In general, the factors which led to the evolution of linear chromosomes in eukaryotes are not well understood. One potential selective pressure in favor of linear chromosomes relates to the size of an organism's genome: linear chromosomes may make transcription and replication of large genomes easier. In an organism with a very large genome, circular chromosomes could potentially cause problems relating to torsional strain.

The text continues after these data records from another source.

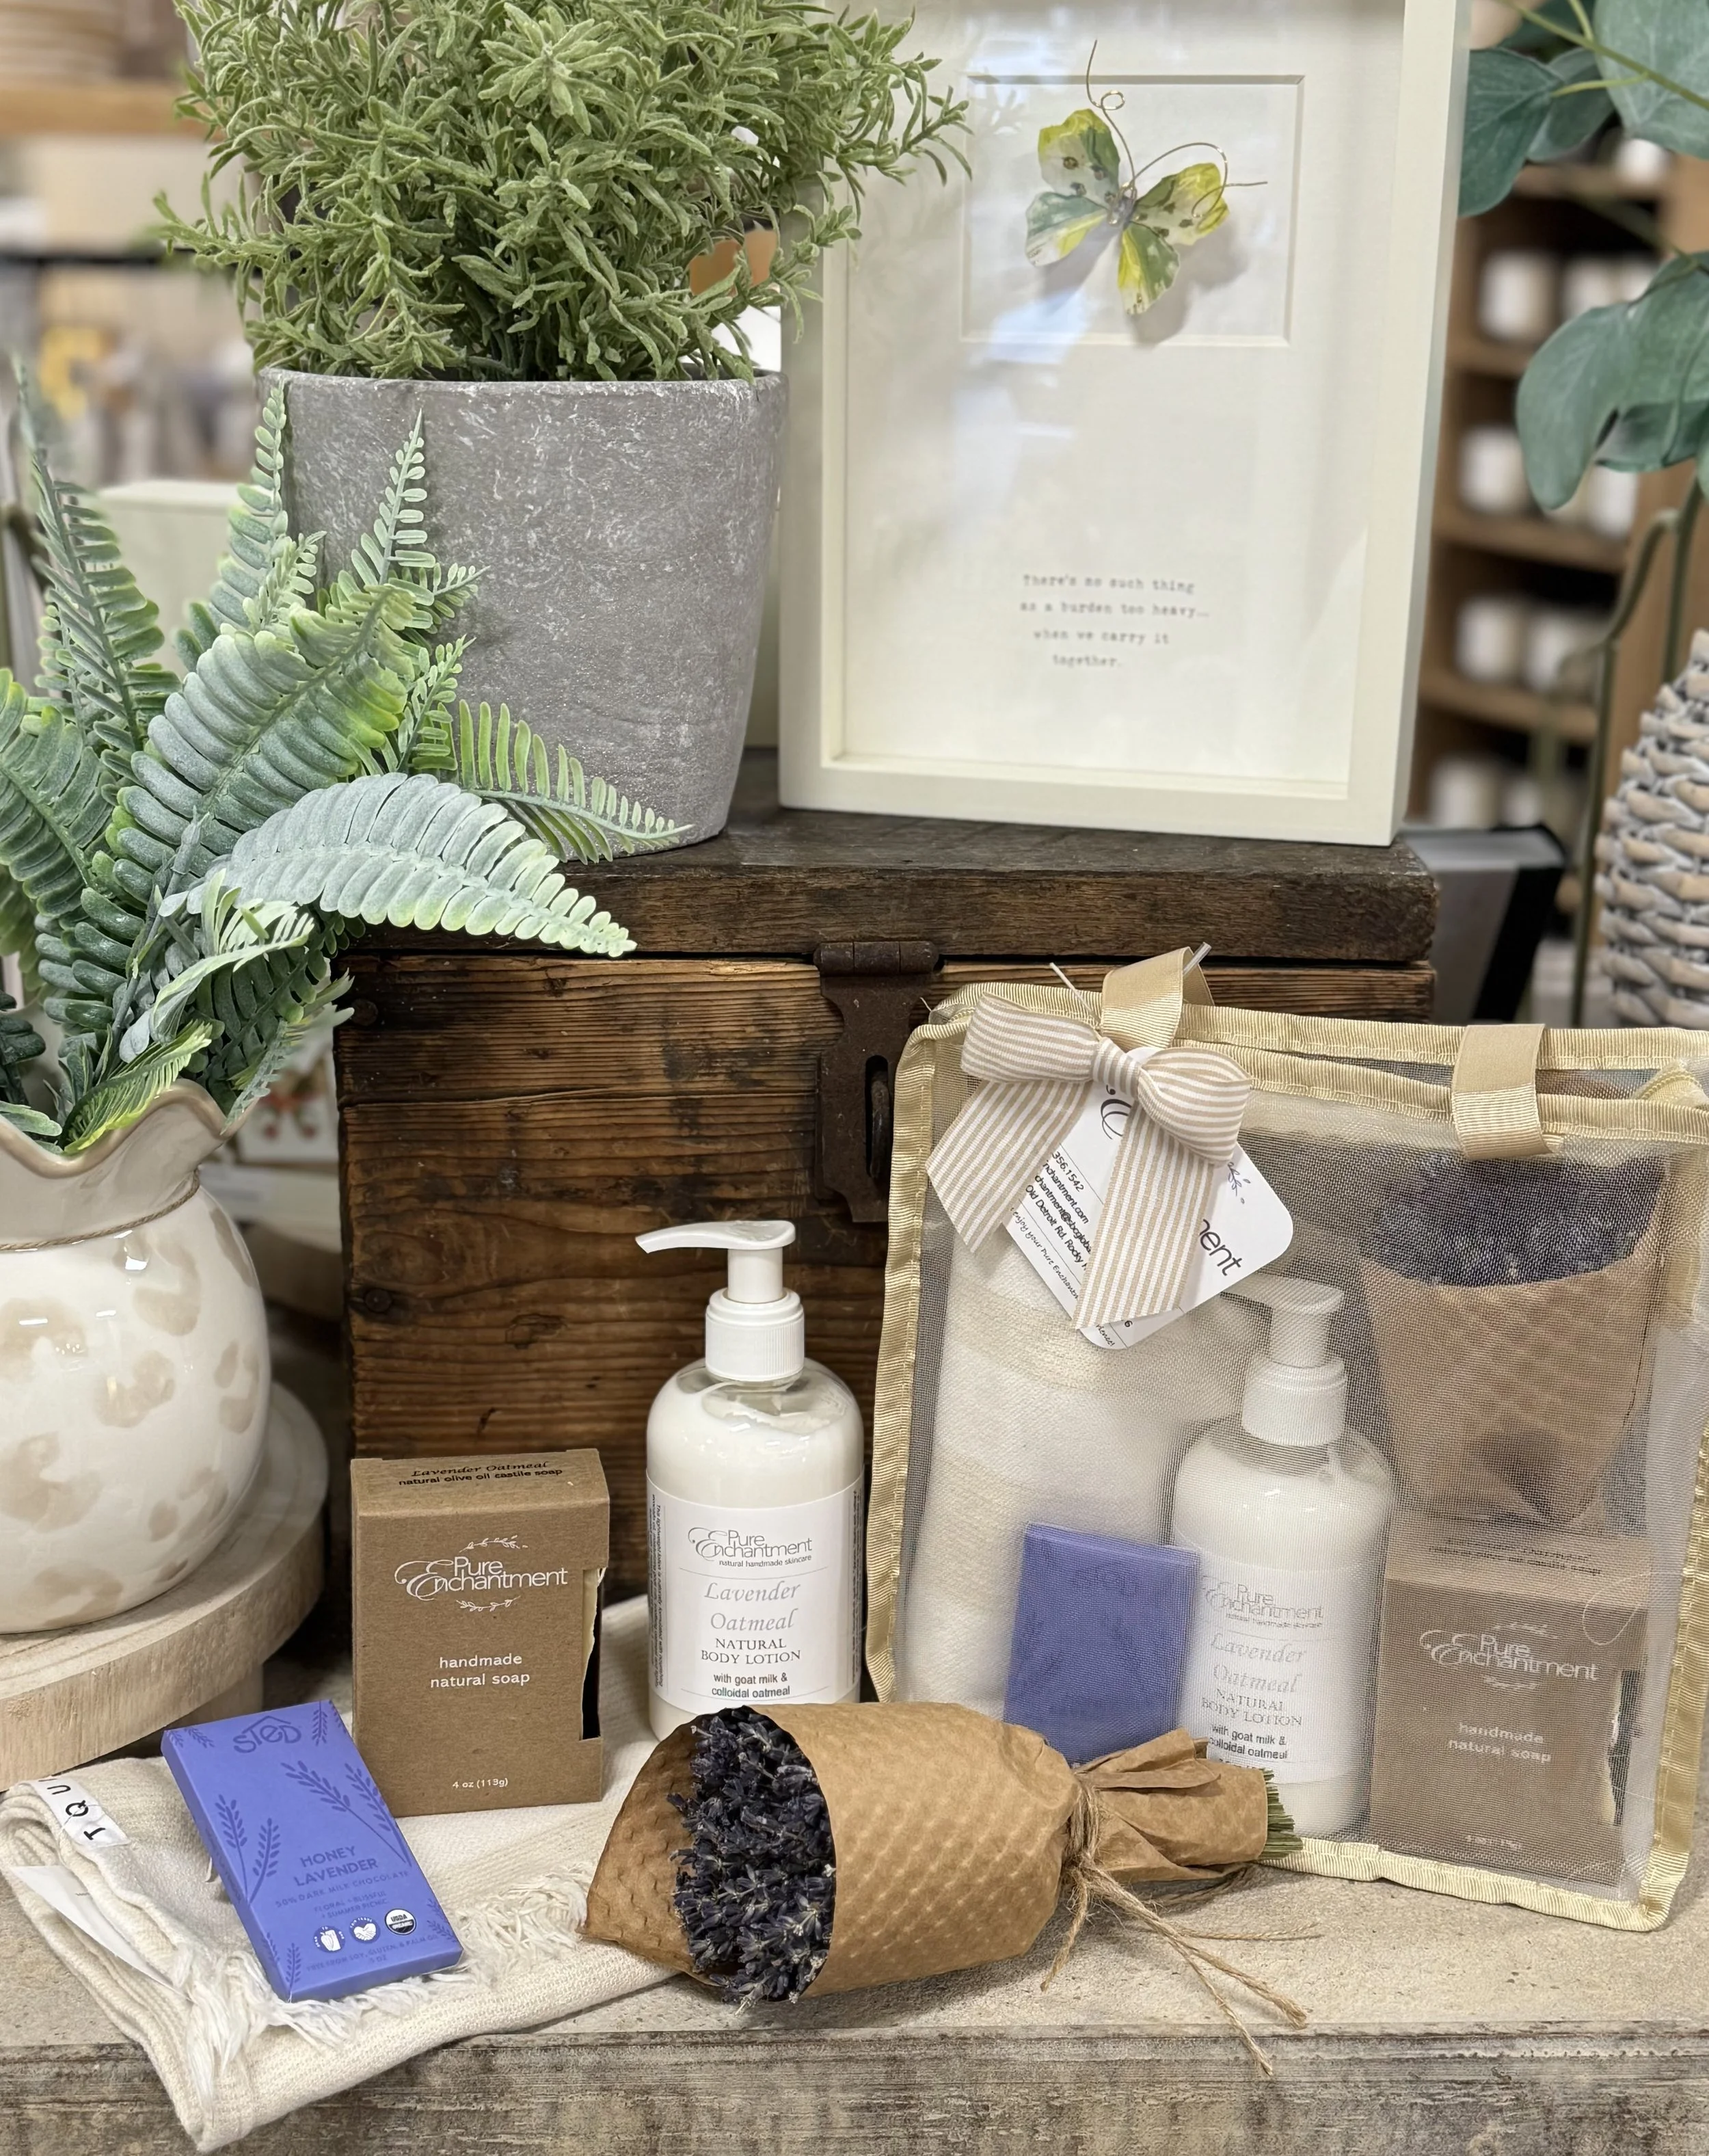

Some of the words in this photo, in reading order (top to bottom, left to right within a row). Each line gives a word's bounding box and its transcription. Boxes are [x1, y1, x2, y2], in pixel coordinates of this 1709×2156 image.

[1023, 574, 1077, 587] There's
[1084, 577, 1102, 588] no
[1109, 577, 1144, 590] such
[1152, 579, 1196, 595] thing
[1045, 602, 1053, 612] a
[1061, 601, 1112, 615] burden
[1120, 602, 1145, 615] too
[1033, 629, 1069, 640] when
[1076, 630, 1094, 641] we
[1101, 631, 1146, 646] carry
[1154, 632, 1170, 644] it
[1041, 1159, 1089, 1225] nchantment.com
[1025, 1184, 1039, 1201] Old
[1036, 1199, 1058, 1227] Detroit
[1054, 1225, 1064, 1240] Rd.
[1064, 1239, 1084, 1264] Rocky
[1034, 1175, 1092, 1255] chantment@sbcgloba
[1012, 1210, 1029, 1232] enjoy
[1025, 1230, 1042, 1249] your
[1041, 1247, 1054, 1266] Pure
[399, 1476, 440, 1486] natural
[444, 1474, 472, 1482] olive
[494, 1470, 531, 1479] castile
[535, 1469, 563, 1477] soap
[411, 1465, 481, 1478] Lavender
[486, 1461, 549, 1472] Oatmeal
[688, 1527, 812, 1561] Enchantment
[728, 1530, 765, 1547] Pure
[454, 1556, 503, 1576] Pure
[718, 1559, 744, 1567] natural
[745, 1559, 783, 1567] handmade
[785, 1554, 812, 1565] skincare
[394, 1559, 568, 1601] Enchantment
[703, 1580, 800, 1601] Lavender
[1235, 1584, 1274, 1605] Pure
[710, 1608, 798, 1631] Oatmeal
[715, 1638, 786, 1650] NATURAL
[1210, 1632, 1308, 1663] Lavender
[1479, 1634, 1531, 1658] Pure
[439, 1653, 522, 1669] handmade
[701, 1650, 740, 1664] BODY
[746, 1650, 801, 1664] LOTION
[1419, 1629, 1599, 1681] Enchantment
[430, 1673, 486, 1688] natural
[492, 1672, 530, 1687] soap
[713, 1673, 731, 1683] with
[734, 1674, 756, 1685] goat
[759, 1673, 778, 1683] milk
[781, 1673, 788, 1682] &
[1213, 1663, 1303, 1693] Oatmeal
[712, 1686, 749, 1698] colloidal
[752, 1686, 790, 1698] oatmeal
[1215, 1688, 1284, 1711] NATURAL
[1244, 1711, 1303, 1726] LOTION
[1211, 1724, 1229, 1736] with
[1231, 1730, 1254, 1743] goat
[1256, 1734, 1276, 1745] milk
[1459, 1722, 1544, 1744] handmade
[1209, 1737, 1246, 1755] colloidal
[1248, 1748, 1288, 1759] oatmeal
[1448, 1738, 1505, 1756] natural
[1510, 1746, 1552, 1764] soap
[452, 1781, 459, 1789] 4
[476, 1777, 509, 1789] (113g)
[299, 1846, 355, 1868] HONEY
[293, 1857, 379, 1887] LAVENDER
[299, 1889, 325, 1901] DARK
[328, 1882, 351, 1894] MILK
[353, 1870, 409, 1888] CHOCOLATE

Linear chromosomes are also in some ways disadvantageous or problematic, one of the biggest potential issues being the end replication problem. This is a phenomenon which occurs due to the directionality of DNA replication enzymes, resulting in the gradual loss of genetic material at the ends of linear chromosomes after each subsequent cycle of cell and DNA replication. In order to mitigate the negative effects of this gradual loss of genetic material, eukaryotes have evolved repetitive, non-coding terminal DNA sequences known as telomeres on the ends of chromosomes. These repetitive, non-coding sequences are lost instead of important coding DNA, and they are replenished using enzymes known as telomerases. However, telomeres do not fully prevent the loss of coding DNA at the terminal ends of linear chromosomes. In fact, the eventual loss of coding DNA in cellular lines within an organism is thought to play a role in senescence. Furthermore, evidence suggests that telomeres can be unstable and can be prone to mutations which lead to tumor development. Mutations which lead to the constitutive activity of telomerase can result in the loss of cellular mortality in tumor cell lines, which is associated with the development of cancer.

== In prokaryotes ==
Linear chromosomes are not limited to eukaryotic organisms; some prokaryotic organisms have linear chromosomes as well. Borrelia burgdorferi was the first bacterium to be found to have a linear chromosome, but new examples, such as various Streptomyces and Coxiella burnetii, have been found. Some bacteria, such as Agrobacterium tumefaciens, even have one linear chromosome and one circular chromosome. These bacteria have also independently invented their own versions of telomeres to protect DNA, though they are not foolproof: Streptomyces has telomeres capped by proteins, yet is known to represent "one of the most spectacular examples of genetic instability among prokaryotes".

Experiments in which the circular chromosomes of prokaryotic organisms have been linearized have demonstrated that some prokaryotes can maintain viability even with linear chromosomes.

== In organelles ==
The genomes of most eukaryotic mitochondria and plastids are in a single circular chromosome, in line with their bacterial ancestor. However, a good number of eukaryotic species do harbor linear Mitochondrial DNA (mtDNA), some even broken into multiple molecules, across a wide variety of taxa: animals (mammals, medusozoans, sponges), fungi (especially yeast), plants, and Alveolates. In yeast and plants, the shape of mtDNA depends on life-cycle: during some points they may be circular, but during others a linear branched shape is found, consisting of concatenated copies of the original genome. In these genomes, gene conversion help expand the repeats of their telomeres.

Similar variations can be found in plastid genomes. Maize seedlings have Chloroplast DNA (cpDNA) mostly in a branched linear form. Acetabularia have a true linear cpDNA.